What accounts for this increase in cash holdings, in spite of a rise in payouts to shareholders? Firms hold on to cash for multiple reasons, primarily in anticipation of any liquidity requirements in the future. Companies also hold on to cash to guard themselves against any potential takeovers and ensure that their market share is maintained. Sometimes, a higher cash hoard may be indicative of fewer opportunities for growth or investment.

The advisory service’s study shows that the IT sector and pharma tend to have higher cash holdings as they may be required to invest in companies with niche skills or new technologies. According to the advisory service’s analysis of cash holding patterns of BSE listed companies, the IT sector holds the highest cash, in spite of dividend payouts or buybacks. The FMCG sector, pharma and healthcare sectors come next in the list.

Lower debt; higher cash holdings: pandemic impact

Looking at the India Inc story in the wake of the pandemic, the balance sheets of the big firms have turned more healthy with lower debt and larger cash balances. According to an SBI analysis of the FY21 results covering over 1000 companies across sectors like fertilisers, consumer durables and retail, the debt has dropped by up to 67 per cent. The range of decline has been anywhere between 13 and 67 per cent, with refineries, fertilisers, mining, steel, textile sectors firms alone having lowered debt by over Rs 1.50 lakh crore for fiscal year 2021. The lower capital expenditure as a consequence of the pandemic and the associated lockdowns is one of the reasons for the liquidity and cash holdings.

Further, the SBI report shows that the cash and cash equivalents of listed firms have reported a 13 per cent growth in FY21. On the other hand, in FY17, the cash holdings of listed companies had shrunk 21 per cent and 1.7 per cent in FY 18. This was attributed as an impact of GST rollout and demonetisation. The pandemic didn’t hurt the cash holdings of companies in the same manner.

Also, reports show that companies cut back on Capex and cut down their spending in order to pad up their cash buffer in FY 21. Capex took a backseat in sectors such as FMCG, textiles and telecom, while sectors like oil and gas, chemicals and power saw higher Capex outlay.

Increase in dividend payouts

The increase in cash reserves has reportedly led to an increase in dividend payouts and share buybacks. According to reports, in FY 20, dividend payouts by leading companies (non-financial) touched Rs 1.7 trillion, an increase of 12.8 per cent, in spite of the over 45.6 per cent drop year-on-year in the combined net profit, as a consequence of the pandemic. Companies paid out 78 per cent of their net profits for FY20 in the form of dividends, news reports suggest.
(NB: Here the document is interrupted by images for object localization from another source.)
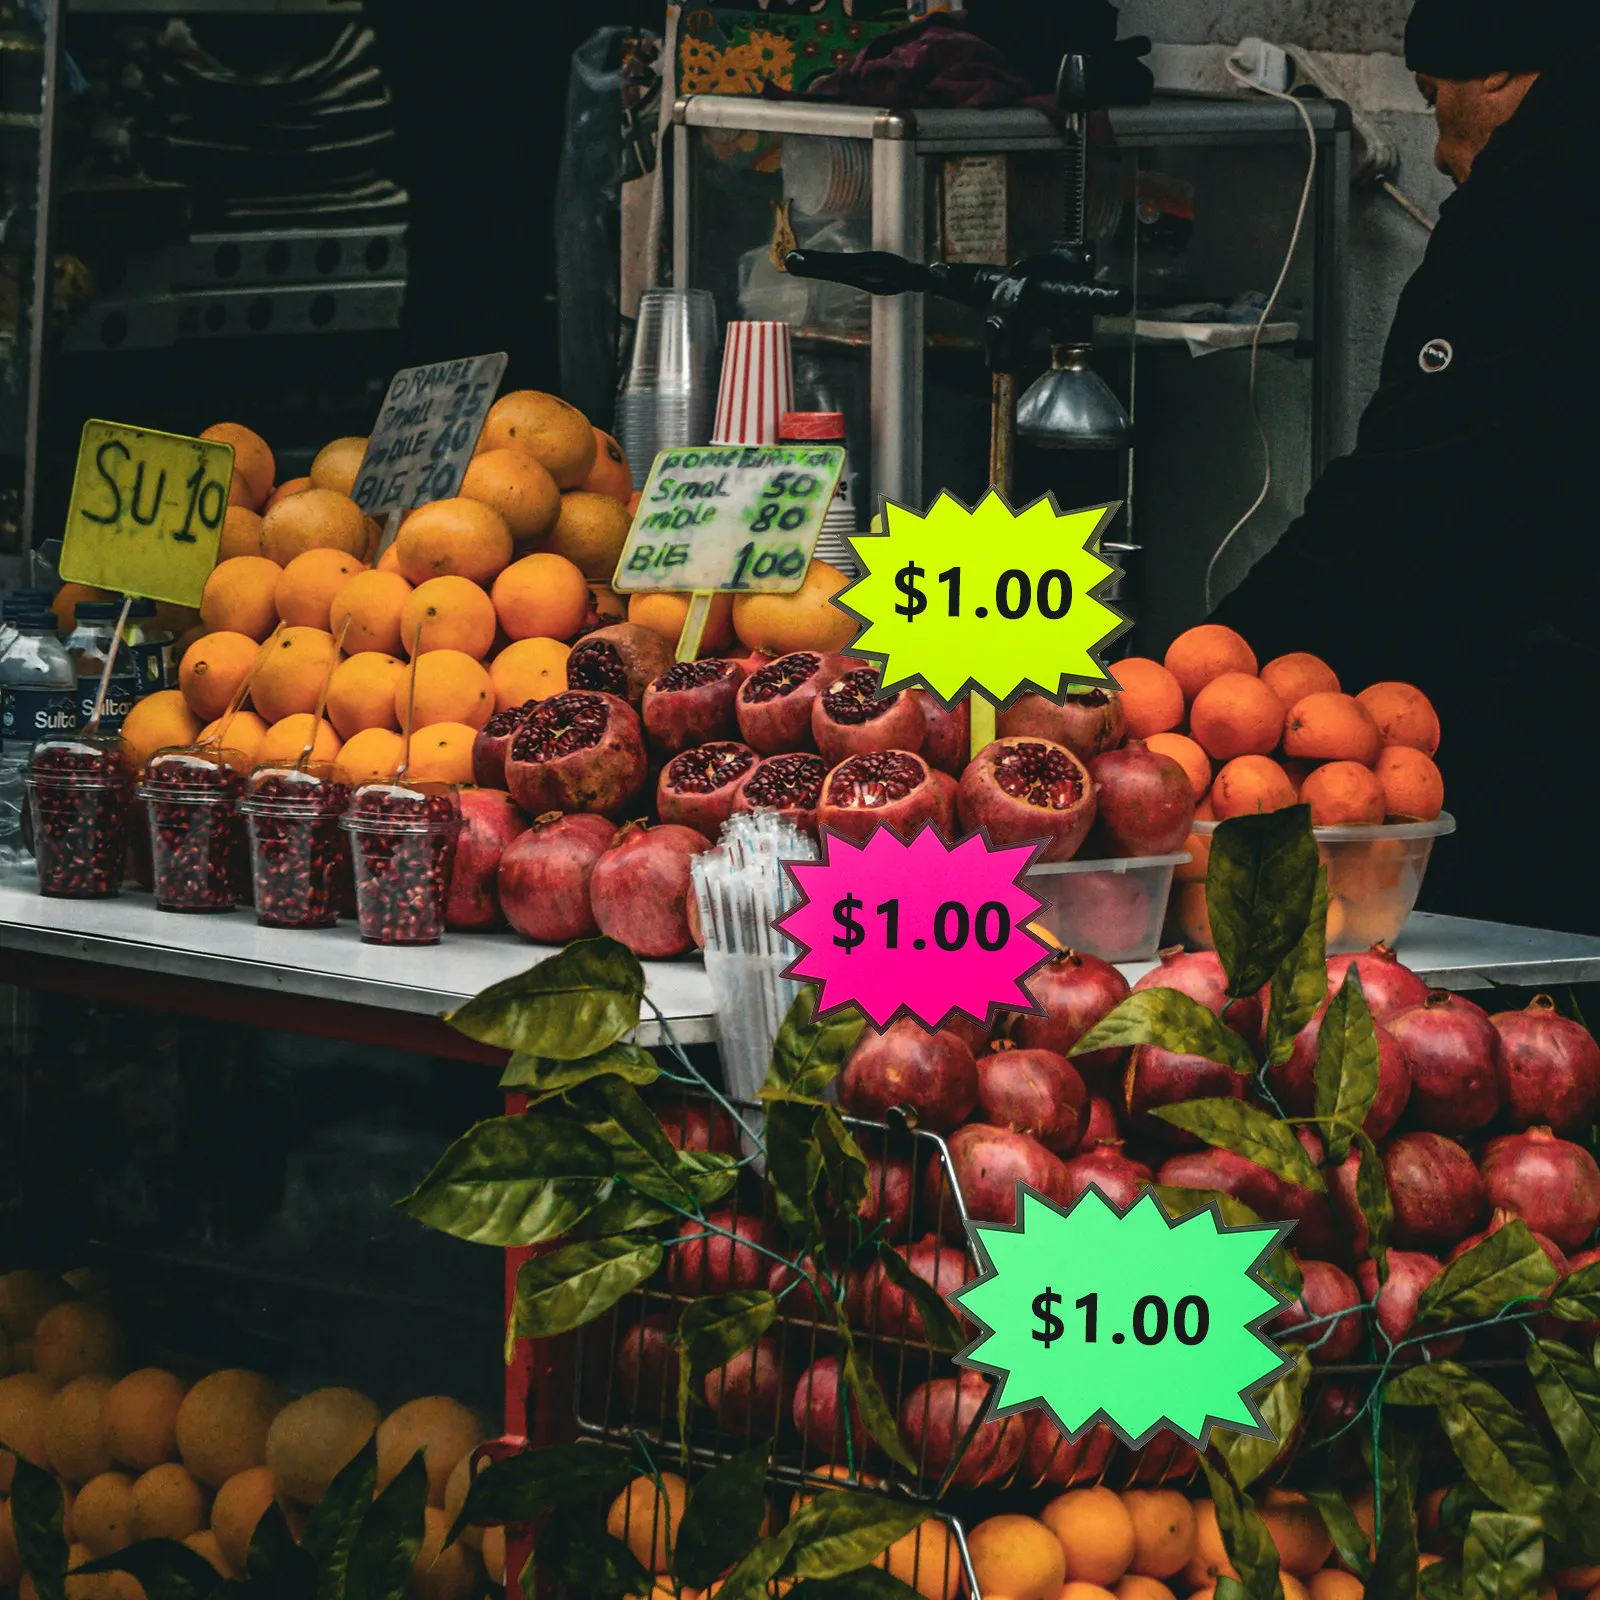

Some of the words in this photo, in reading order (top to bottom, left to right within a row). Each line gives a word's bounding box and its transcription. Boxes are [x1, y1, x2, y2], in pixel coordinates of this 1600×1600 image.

[762, 472, 817, 499] 50
[749, 503, 807, 532] 80
[627, 543, 690, 571] BIG
[720, 541, 805, 589] 100
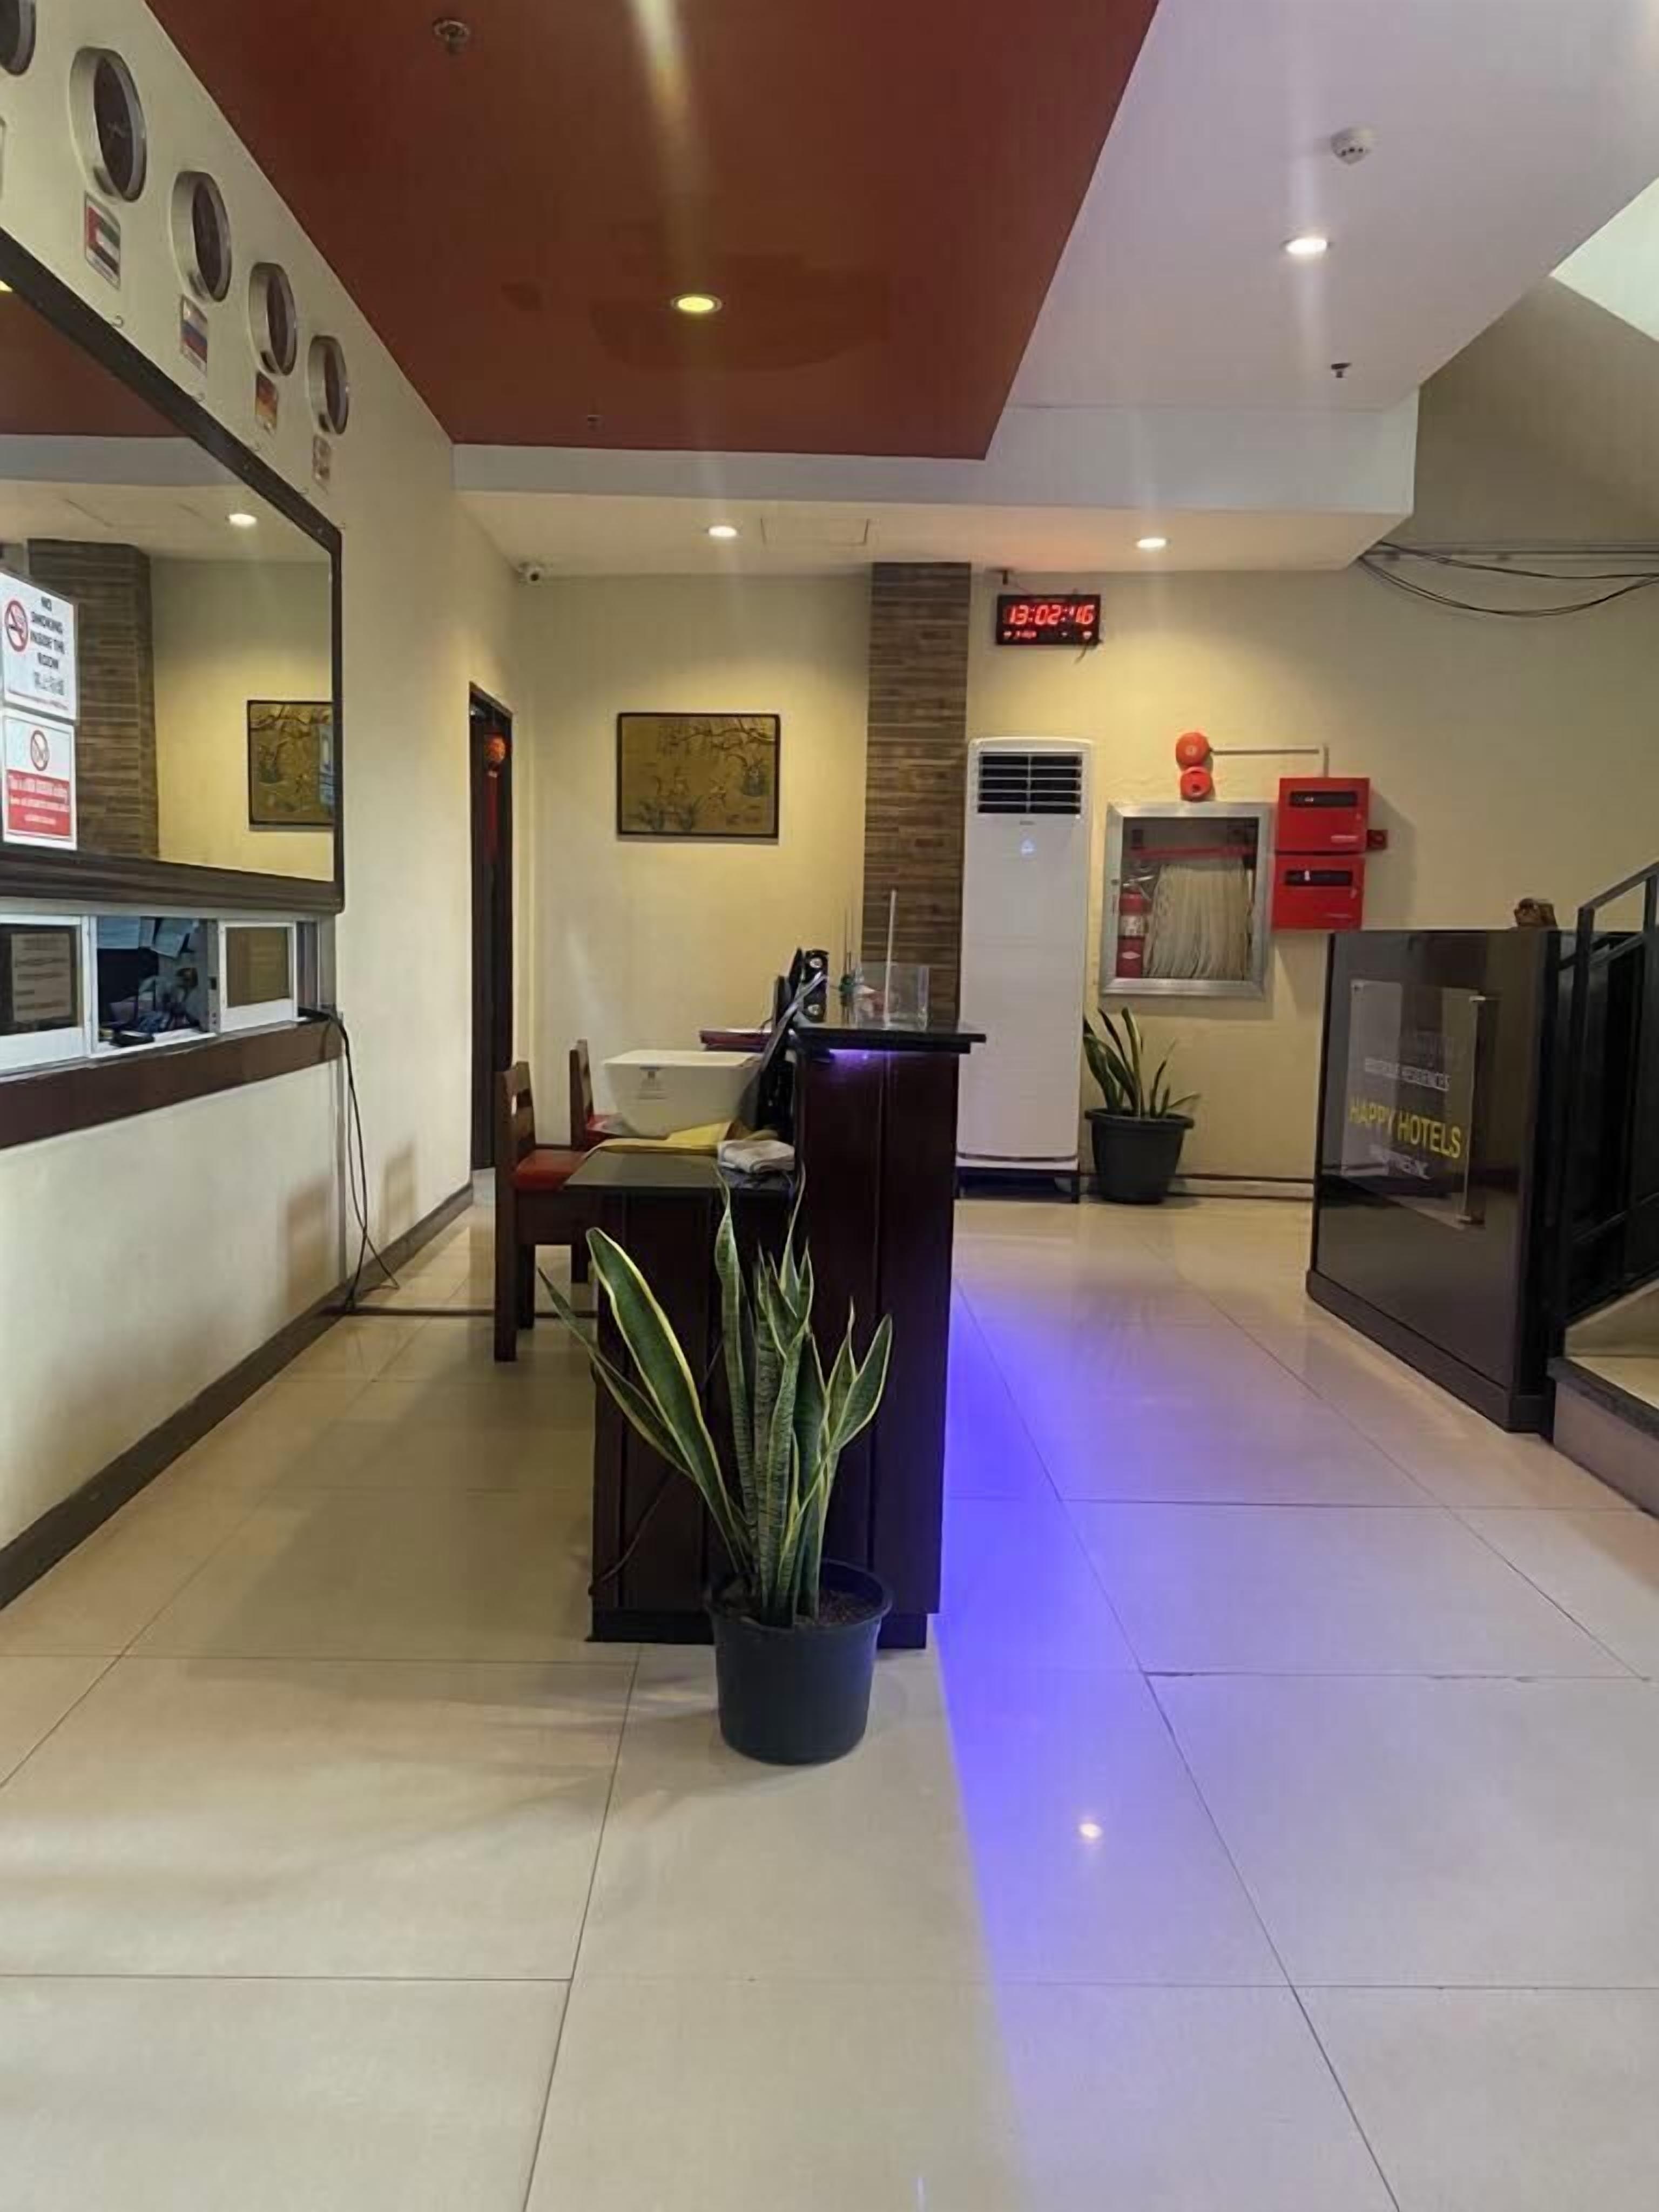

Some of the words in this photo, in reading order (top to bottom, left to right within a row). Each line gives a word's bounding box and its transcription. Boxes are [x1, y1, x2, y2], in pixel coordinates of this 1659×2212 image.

[31, 611, 63, 634] SMOKING
[1349, 1096, 1396, 1136] HAPPY
[1398, 1110, 1461, 1159] HOTELS
Data also shows that equity dividends paid out by the leading 155 firms of the NSE 200 companies shot up 38 per cent in FY21 to touch Rs 61,000 crore. The decline in interest rates has boosted the bottom lines of companies, according to data.

Meanwhile, the equity markets have been resilient and buoyant as corporate earnings in the last quarter of FY21 stayed healthy. With the first corporate earnings season of FY22 underway, and the second wave all but over, the markets may sustain their positive sentiment. A further increase in vaccination doses may signal a return to economic recovery and further boost to India Inc.

Conclusion

The rise in cash holdings under the circumstances of the pandemic and its impact may not be worrisome for investors as the corporates may be looking at conserving cash for any potential opportunities for growth in the immediate or near future. The economic recovery post the receding second wave and the pace of vaccinations will shape how companies may react and what it means for investors in such companies.